CAP Loses Credibility in NTSB Findings on Alabama Crash

Civil Air Patrol Cessna 182T, N784CP
Civil Air Patrol Cessna 182T, N784CP

By National Transportation Safety Board

[Editor’s Note: A CAPTalk and AuxBeacon reader has called the membership’s attention to the fact that Civil Air Patrol has been exposed once again in another NTSB report assigning CAP pilot error as the cause of a recent crash. The CAP Mission Pilot was medicated to prevent heart attacks and failed to find the correct antidote to one or more of the five hazardous attitudes. The right seat CAP Mission Scanner was medicated with tranquilizers.]

On February 1, 2016, about 19:45 central standard time, a Cessna 182T, N784CP, was destroyed by a collision with trees, terrain and a post-crash fire following a missed approach to the Mobile Regional Airport (MOB), Mobile, Alabama.

According to CAP, both pilots were members of the Alabama Wing’s Mobile Composite Squadron. The airline transport pilot and pilot-rated passenger were fatally injured. The airplane was registered to and operated by the Civil Air Patrol as a personal flight under the provisions of Title 14 Code of Federal Regulations Part 91. Instrument meteorological conditions existed at the airport at the time of the accident, and the flight was operated on an instrument flight rules flight plan. The flight originated from Louisiana Regional Airport (L38), Gonzales, Louisiana, about 18:30.

The accident flight was the final leg of a 300-nautical mile (nm), three-leg “compassion flight;” the purpose of the flight was to transport a passenger from Florida to her home in Louisiana. The pilots departed BFM about 09:30 on the day of the accident and flew to Northwest Florida Beaches International Airport (ECP), Panama City Florida. While at ECP, the pilot contacted the flight release officer (FRO) to inform him that their departure would be delayed about 2 1/2 hours due to a problem with the airplane that was delivering the passenger to ECP. After the passenger arrived, the flight departed ECP for L38 about 15:00.

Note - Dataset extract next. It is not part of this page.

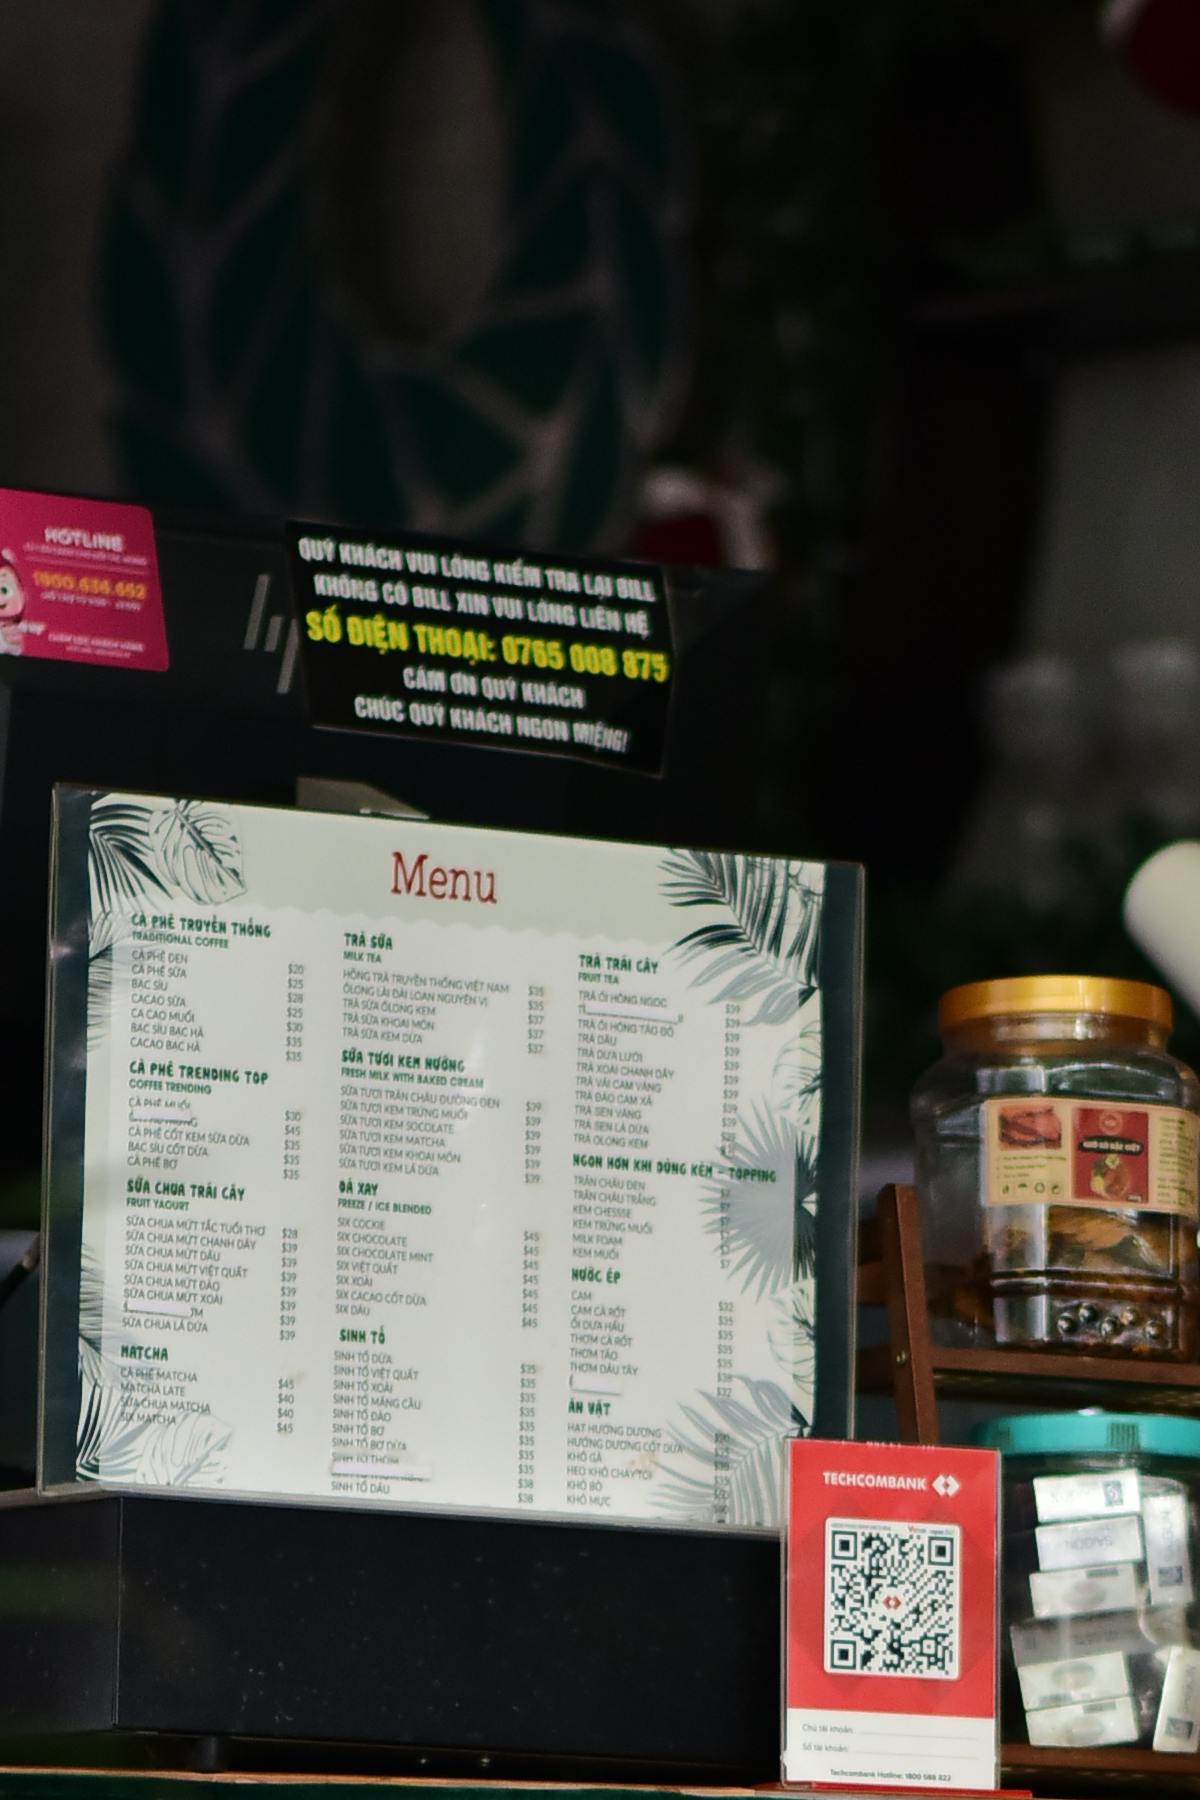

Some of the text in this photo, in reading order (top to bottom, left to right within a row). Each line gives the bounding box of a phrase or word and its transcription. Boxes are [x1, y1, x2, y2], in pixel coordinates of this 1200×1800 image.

The FBO owner was concerned about the accident pilots flying at night given the potential for fog and offered them a courtesy car and assistance with obtaining accommodations for the night. The crew acknowledged his concern about the weather but wanted to return to BFM in time for their CAP meeting and before the fog set in. At 18:33, the flight which was operating under the call sign “CAP 184,” departed L38, contacted air traffic control (ATC), and was issued an instrument flight rules clearance to BFM.

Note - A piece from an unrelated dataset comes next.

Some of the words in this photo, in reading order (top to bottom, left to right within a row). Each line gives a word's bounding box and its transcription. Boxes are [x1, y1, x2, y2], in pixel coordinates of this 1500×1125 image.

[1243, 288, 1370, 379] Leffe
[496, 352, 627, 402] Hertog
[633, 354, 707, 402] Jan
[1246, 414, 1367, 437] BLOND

The airplane was found about 1 nm mile west of MOB at 02:00 on February 2, 2016, after search personnel tracked the airplane’s emergency locator transmitter (ELT) to the accident site.

Spatial Disorientation

According to the FAA’s General Aviation Joint Steering Committee, a pilot’s sight, supported by other senses, allows a pilot to maintain orientation while flying. However, when visibility is restricted (i.e., no visual reference to the horizon or surface detected), the body’s supporting senses can conflict with what is seen. When this spatial disorientation occurs, sensory conflicts and optical illusions often make it difficult for a pilot to tell which way is up.

The FAA Airplane Flying Handbook (FAA-H-8083-3) described some hazards associated with flying when visual references, such as the ground or horizon, are obscured. “The vestibular sense (motion sensing by the inner ear) in particular tends to confuse the pilot. Because of inertia, the sensory areas of the inner ear cannot detect slight changes in the attitude of the airplane, nor can they accurately sense attitude changes that occur at a uniform rate over a period of time. On the other hand, false sensations are often generated; leading the pilot to believe the attitude of the airplane has changed when in fact, it has not. These false sensations result in the pilot experiencing spatial disorientation.”

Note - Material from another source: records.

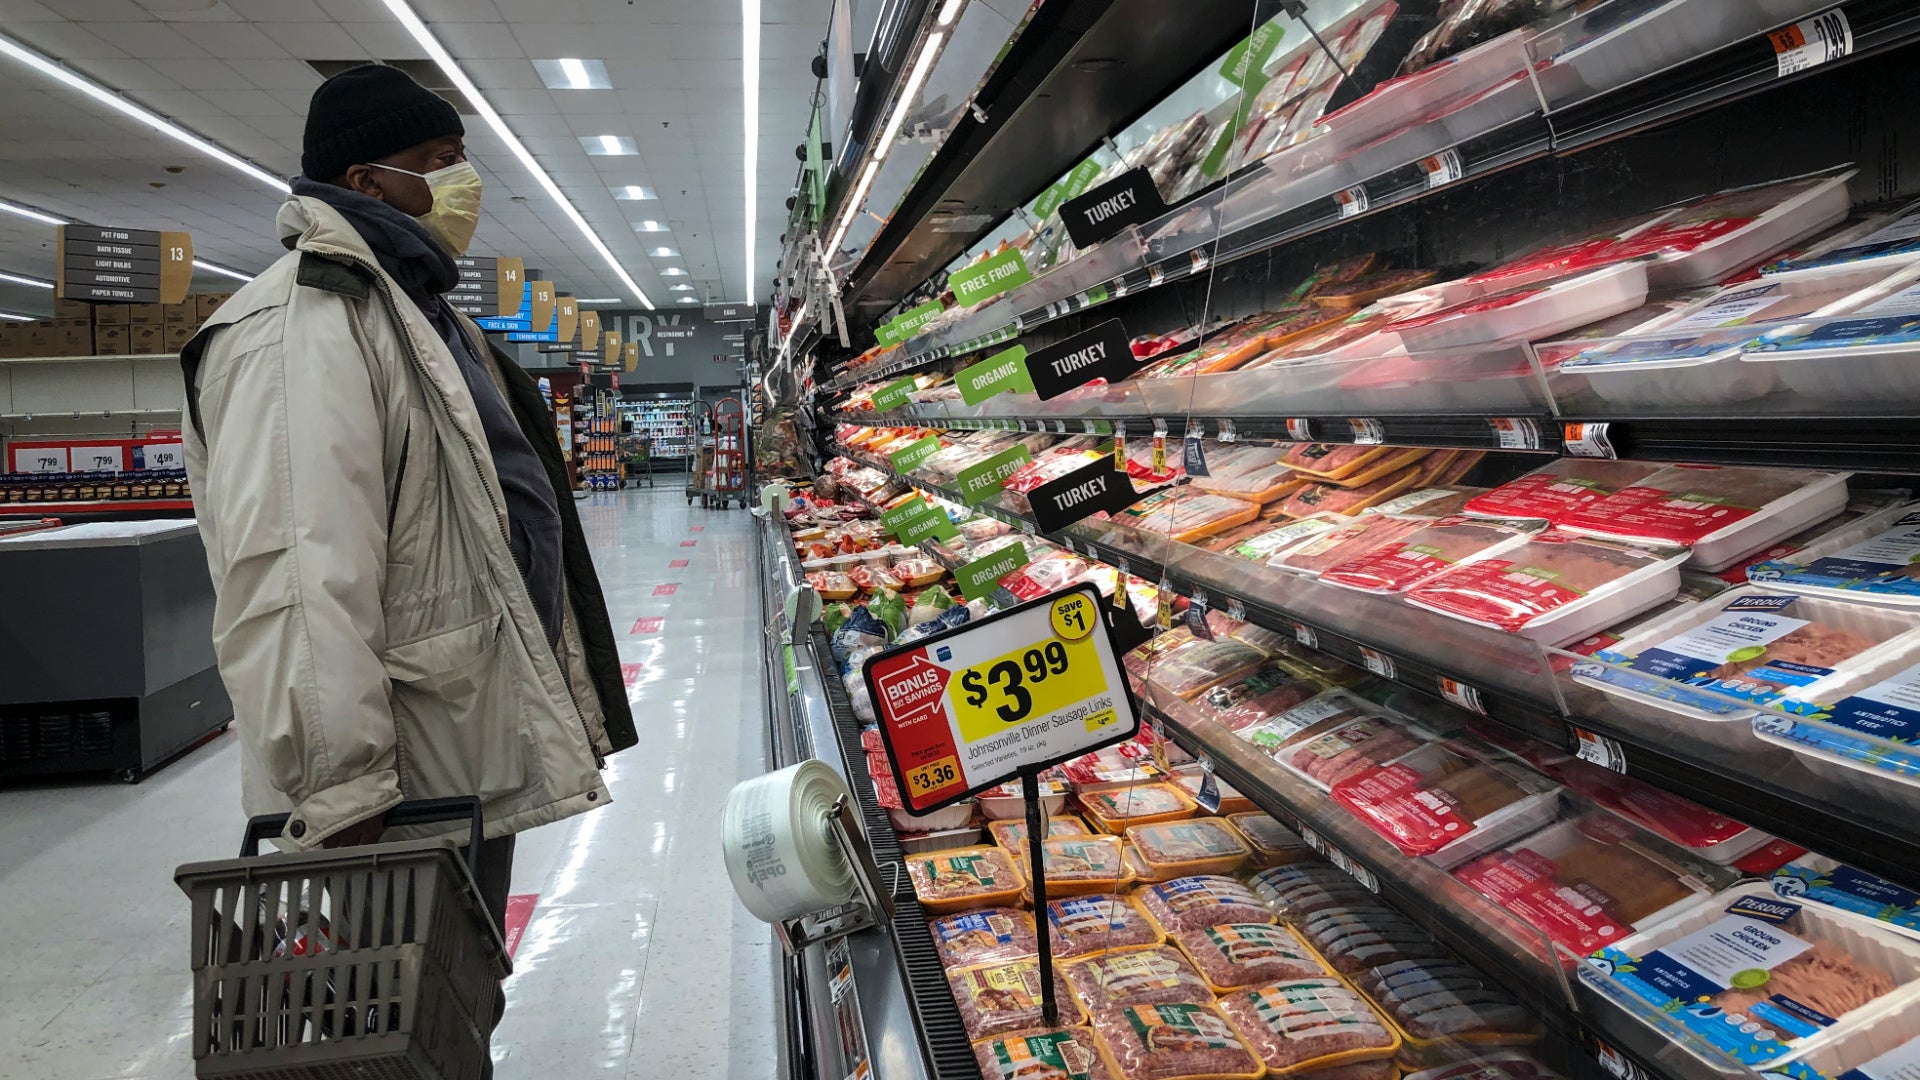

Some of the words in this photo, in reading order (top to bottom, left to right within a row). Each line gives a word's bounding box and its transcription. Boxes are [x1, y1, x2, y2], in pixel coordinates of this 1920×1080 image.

[1083, 187, 1137, 226] TURKEY
[97, 245, 111, 253] BATH
[113, 247, 132, 255] TISSUE
[170, 247, 183, 261] 13
[95, 260, 111, 268] LIGHT
[113, 261, 131, 269] BULBS
[95, 275, 130, 283] AUTOMOTIVE
[505, 270, 516, 281] 14
[960, 275, 985, 296] FREE
[987, 261, 1020, 286] FROM
[92, 289, 110, 297] PAPER
[112, 290, 134, 298] TOWELS
[538, 292, 549, 302] 15
[563, 306, 573, 316] 16
[901, 317, 919, 332] FREE
[920, 308, 940, 325] FROM
[488, 321, 500, 329] FACE
[586, 319, 594, 328] 17
[1051, 341, 1107, 378] TURKEY
[971, 361, 1018, 391] ORGANIC
[878, 393, 895, 407] FREE
[895, 383, 914, 400] FROM
[898, 453, 915, 468] FREE
[916, 443, 936, 460] FROM
[968, 471, 992, 492] FREE
[995, 456, 1026, 483] FROM
[1053, 475, 1107, 512] TURKEY
[887, 513, 904, 527] FREE
[904, 504, 924, 520] FROM
[908, 516, 940, 538] ORGANIC
[972, 557, 1017, 586] ORGANIC
[1058, 599, 1083, 615] save
[1734, 597, 1788, 608] PERDUE
[1064, 610, 1085, 631] $1
[1728, 622, 1766, 633] CHICKEN
[1740, 617, 1778, 627] GROUND
[887, 668, 939, 700] BONUS
[904, 682, 943, 704] SAVINGS
[898, 720, 913, 729] WITH
[912, 714, 928, 724] CARD
[968, 733, 1021, 760] Johnsonville
[1022, 721, 1051, 740] Dinner
[1051, 706, 1088, 729] Sausage
[1088, 697, 1113, 715] Links
[1852, 710, 1908, 727] ANTIBIOTICS
[971, 756, 995, 772] Selected
[913, 765, 954, 789] $3.36
[1851, 879, 1900, 896] ANTIBIOTICS
[1738, 898, 1793, 916] PERDUE
[1732, 931, 1771, 951] CHICKEN
[1743, 925, 1781, 945] GROUND
[1653, 967, 1690, 989] ANTIBIOTICS

The FAA publication Medical Facts for Pilots (AM-400-03/1), described several vestibular illusions associated with the operation of aircraft in low visibility conditions. Somatogravic illusions, those involving the utricle and saccule of the vestibular system, were generally placed into one of three categories, one of which was “the head-up illusion.” According to the text, the head-up illusion involves a forward linear acceleration, such as takeoff, where the pilot perceives that the nose of the aircraft is pitching up. The pilot’s response to this illusion would be to push the control yoke forward to pitch the nose of the aircraft down. “A night takeoff from a well-light airport into a totally dark sky (black hole) or a catapult takeoff from an aircraft carrier can also lead to this illusion and could result in a crash.”

FAA Advisory Circular AC 60-22, Aeronautical Decision Making, stated, “Pilots, particularly those with considerable experience, as a rule always try to complete a flight as planned, please passengers, meet schedules, and generally demonstrate that they have ‘the right stuff.'” One of the common behavioral traps identified was “Get-There-Itis.” The text stated, “Common among pilots, [get-there-itis] clouds the vision and impairs judgment by causing a fixation on the original goal or destination combined with a total disregard for any alternative course of action.”